No pictures should appear in the copy; otherwise retype the entries exactly.

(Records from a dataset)
━━━━━━━━━━

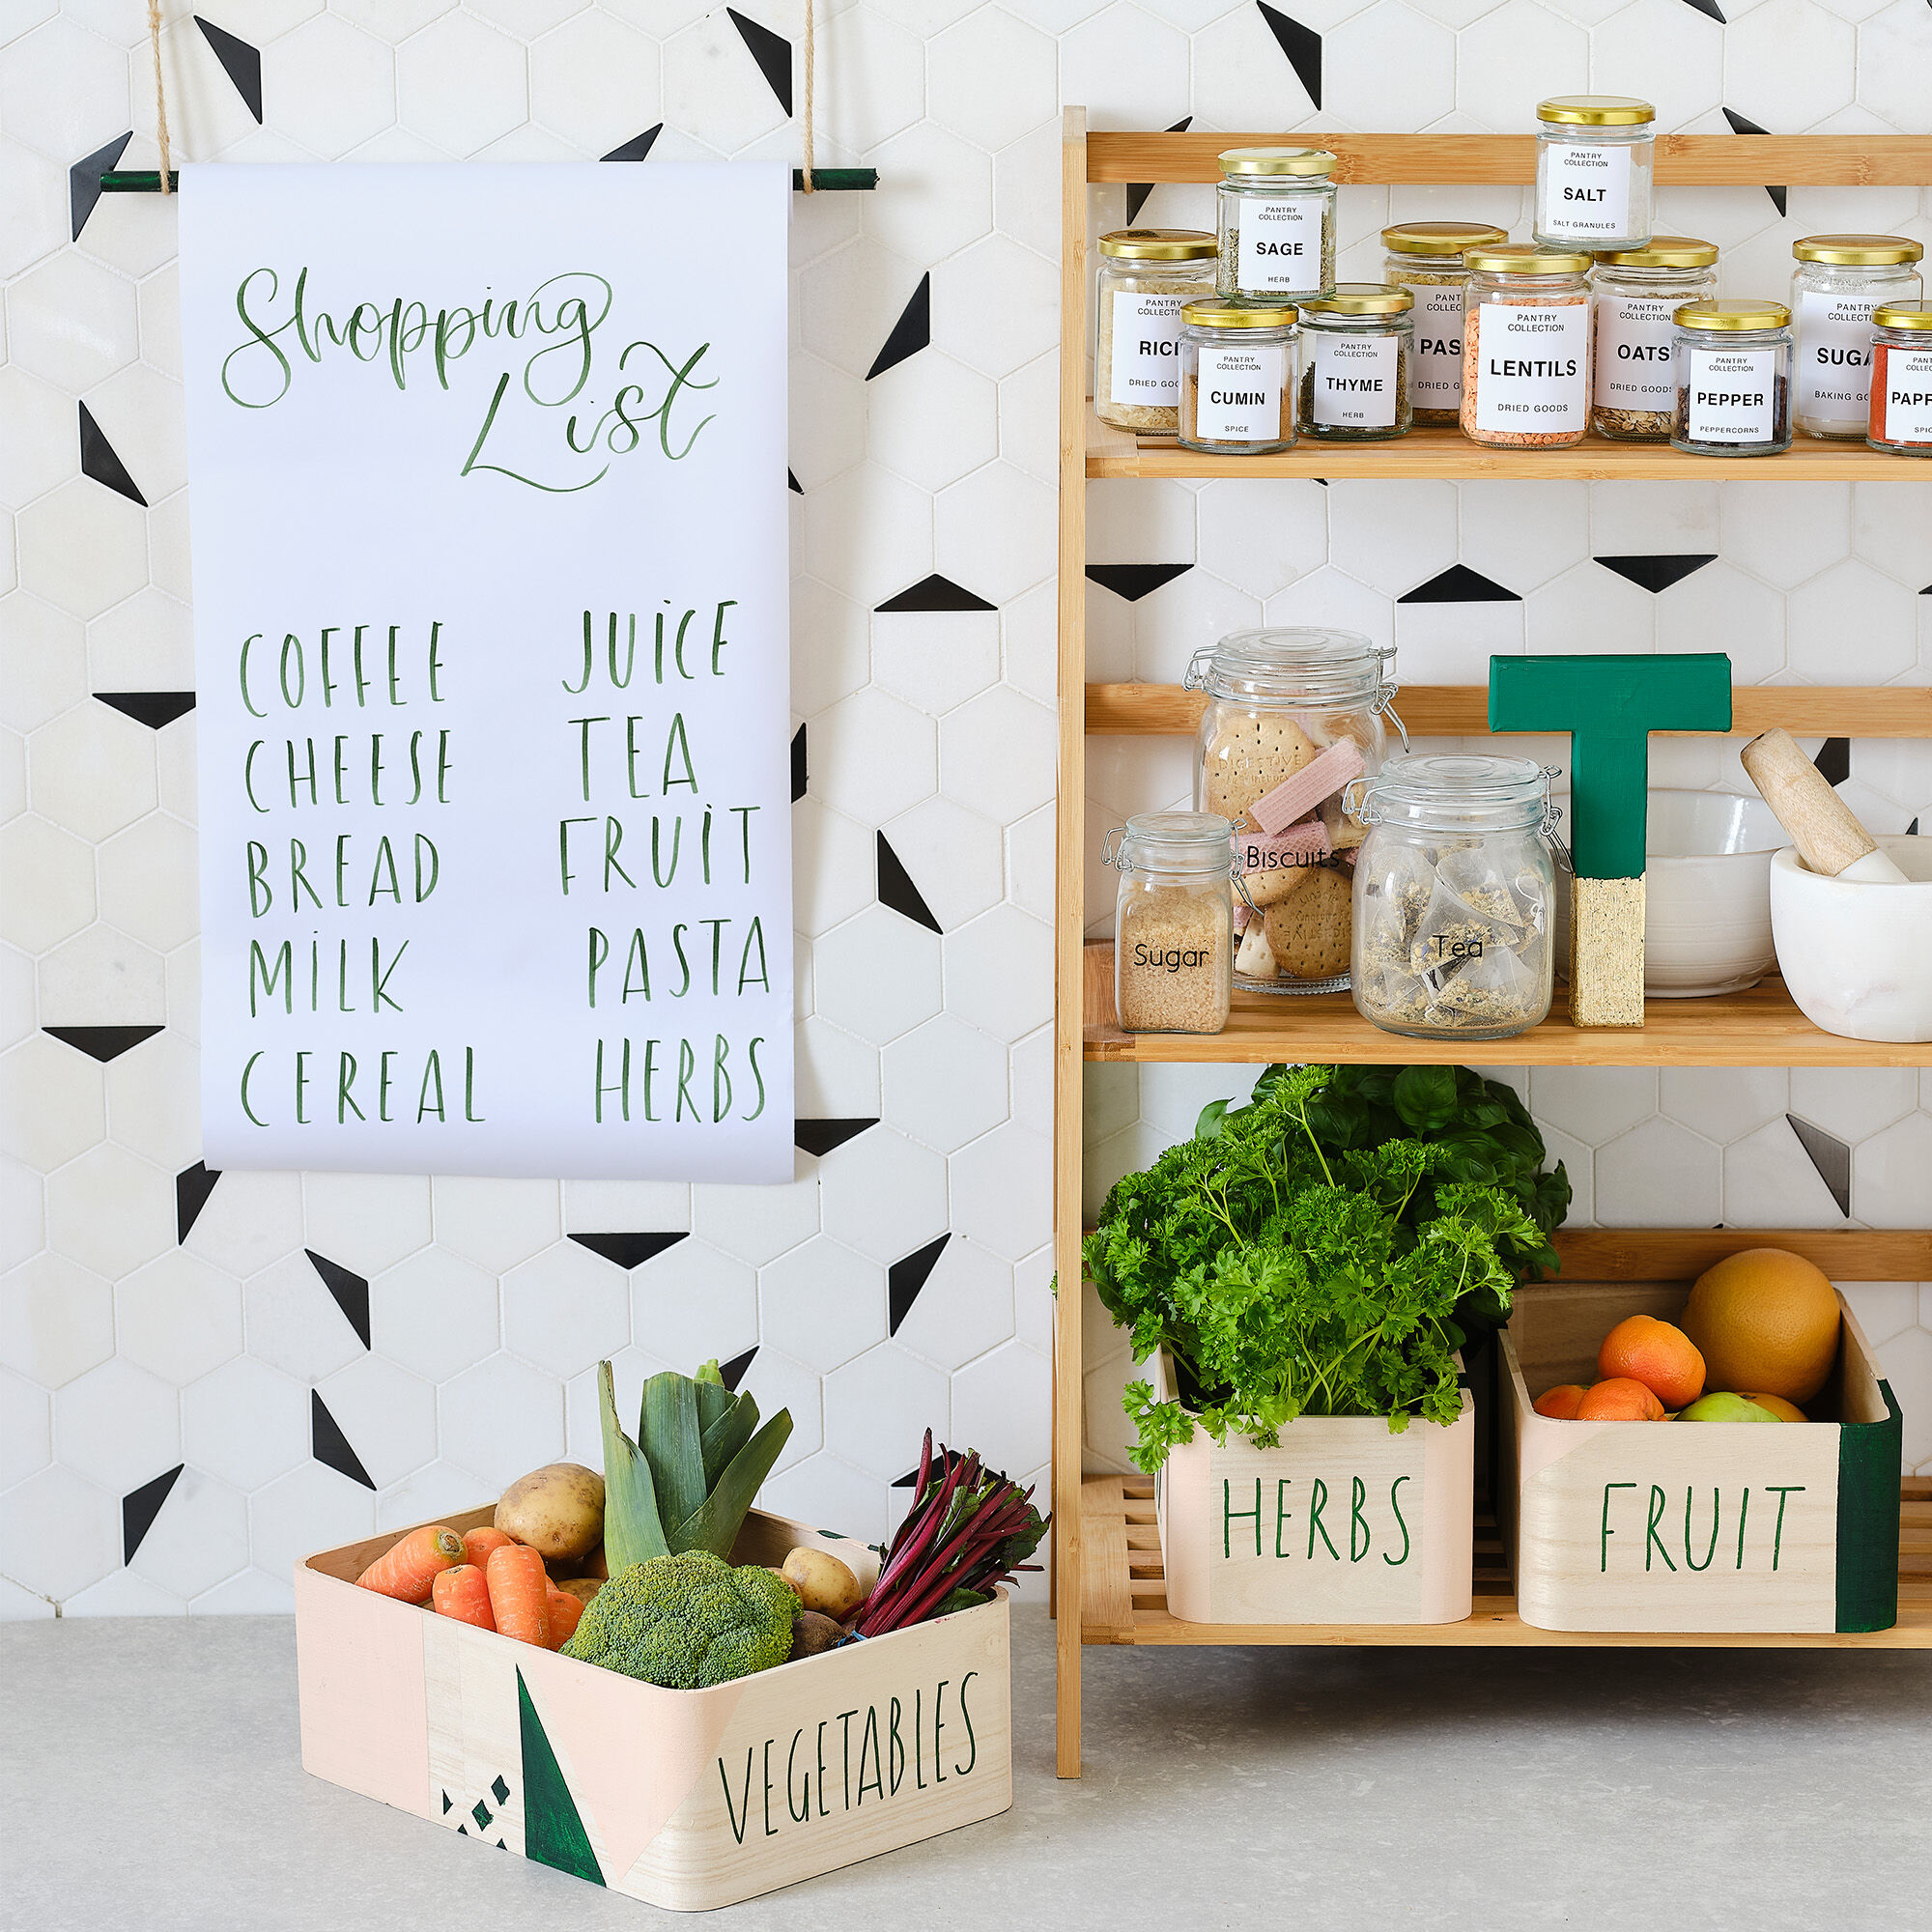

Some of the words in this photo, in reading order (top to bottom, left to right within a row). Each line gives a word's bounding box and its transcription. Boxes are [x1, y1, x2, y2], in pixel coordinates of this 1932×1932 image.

[1563, 158, 1608, 168] COLLECTION
[1563, 186, 1607, 202] SALT
[1572, 221, 1616, 230] GRANULES
[1256, 242, 1304, 256] SAGE
[1145, 298, 1183, 307] PANTRY
[1426, 302, 1462, 312] COLLEC
[1627, 302, 1664, 312] PANTRY
[1137, 307, 1180, 317] COLLECTI
[1517, 313, 1557, 322] PANTRY
[1619, 309, 1671, 322] COLLECTION
[1828, 312, 1872, 323] COLLECTI
[1507, 323, 1565, 332] COLLECTION
[222, 267, 612, 408] Shopping
[1333, 350, 1378, 358] COLLECTION
[1340, 342, 1372, 351] PANTRY
[1420, 338, 1462, 356] PAS
[1617, 344, 1670, 362] OATS
[1216, 362, 1262, 371] COLLECTION
[1491, 358, 1577, 378] LENTILS
[1708, 364, 1754, 373] COLLECTION
[1128, 378, 1157, 387] DRIED
[1325, 377, 1383, 392] THYME
[1417, 381, 1449, 390] DRIED
[1609, 382, 1637, 392] DRIED
[1210, 390, 1265, 406] CUMIN
[1697, 391, 1764, 407] PEPPER
[1814, 390, 1852, 401] BAKING
[1497, 403, 1530, 412] DRIED
[1533, 403, 1569, 413] GOODS
[461, 342, 720, 492] List
[1699, 425, 1760, 434] PEPPERCORNS
[240, 620, 445, 718] COFFEE
[567, 712, 698, 802] TEA
[245, 729, 453, 813] CHEESE
[1247, 845, 1340, 867] Biscuits
[246, 833, 439, 919] BREAD
[1433, 935, 1482, 957] Tea
[588, 916, 770, 1009] PASTA
[1133, 943, 1210, 971] Sugar
[241, 1046, 486, 1127] CEREAL
[595, 1034, 765, 1124] HERBS
[1223, 1475, 1411, 1566] HERBS
[1601, 1482, 1806, 1573] FRUIT
[718, 1671, 979, 1845] VEGETABLES

━━━━━━━━━━

◆ Problem solution ◆
Some of the words in this photo, in reading order (top to bottom, left to right within a row). Each line gives a word's bounding box and its transcription. Boxes are [x1, y1, x2, y2], in pixel coordinates of this 1932×1932 image.

[1563, 158, 1608, 168] COLLECTION
[1563, 186, 1607, 202] SALT
[1572, 221, 1616, 230] GRANULES
[1256, 242, 1304, 256] SAGE
[1145, 298, 1183, 307] PANTRY
[1426, 302, 1462, 312] COLLEC
[1627, 302, 1664, 312] PANTRY
[1137, 307, 1180, 317] COLLECTI
[1517, 313, 1557, 322] PANTRY
[1619, 309, 1671, 322] COLLECTION
[1828, 312, 1872, 323] COLLECTI
[1507, 323, 1565, 332] COLLECTION
[222, 267, 612, 408] Shopping
[1333, 350, 1378, 358] COLLECTION
[1340, 342, 1372, 351] PANTRY
[1420, 338, 1462, 356] PAS
[1617, 344, 1670, 362] OATS
[1216, 362, 1262, 371] COLLECTION
[1491, 358, 1577, 378] LENTILS
[1708, 364, 1754, 373] COLLECTION
[1128, 378, 1157, 387] DRIED
[1325, 377, 1383, 392] THYME
[1417, 381, 1449, 390] DRIED
[1609, 382, 1637, 392] DRIED
[1210, 390, 1265, 406] CUMIN
[1697, 391, 1764, 407] PEPPER
[1814, 390, 1852, 401] BAKING
[1497, 403, 1530, 412] DRIED
[1533, 403, 1569, 413] GOODS
[461, 342, 720, 492] List
[1699, 425, 1760, 434] PEPPERCORNS
[240, 620, 445, 718] COFFEE
[567, 712, 698, 802] TEA
[245, 729, 453, 813] CHEESE
[1247, 845, 1340, 867] Biscuits
[246, 833, 439, 919] BREAD
[1433, 935, 1482, 957] Tea
[588, 916, 770, 1009] PASTA
[1133, 943, 1210, 971] Sugar
[241, 1046, 486, 1127] CEREAL
[595, 1034, 765, 1124] HERBS
[1223, 1475, 1411, 1566] HERBS
[1601, 1482, 1806, 1573] FRUIT
[718, 1671, 979, 1845] VEGETABLES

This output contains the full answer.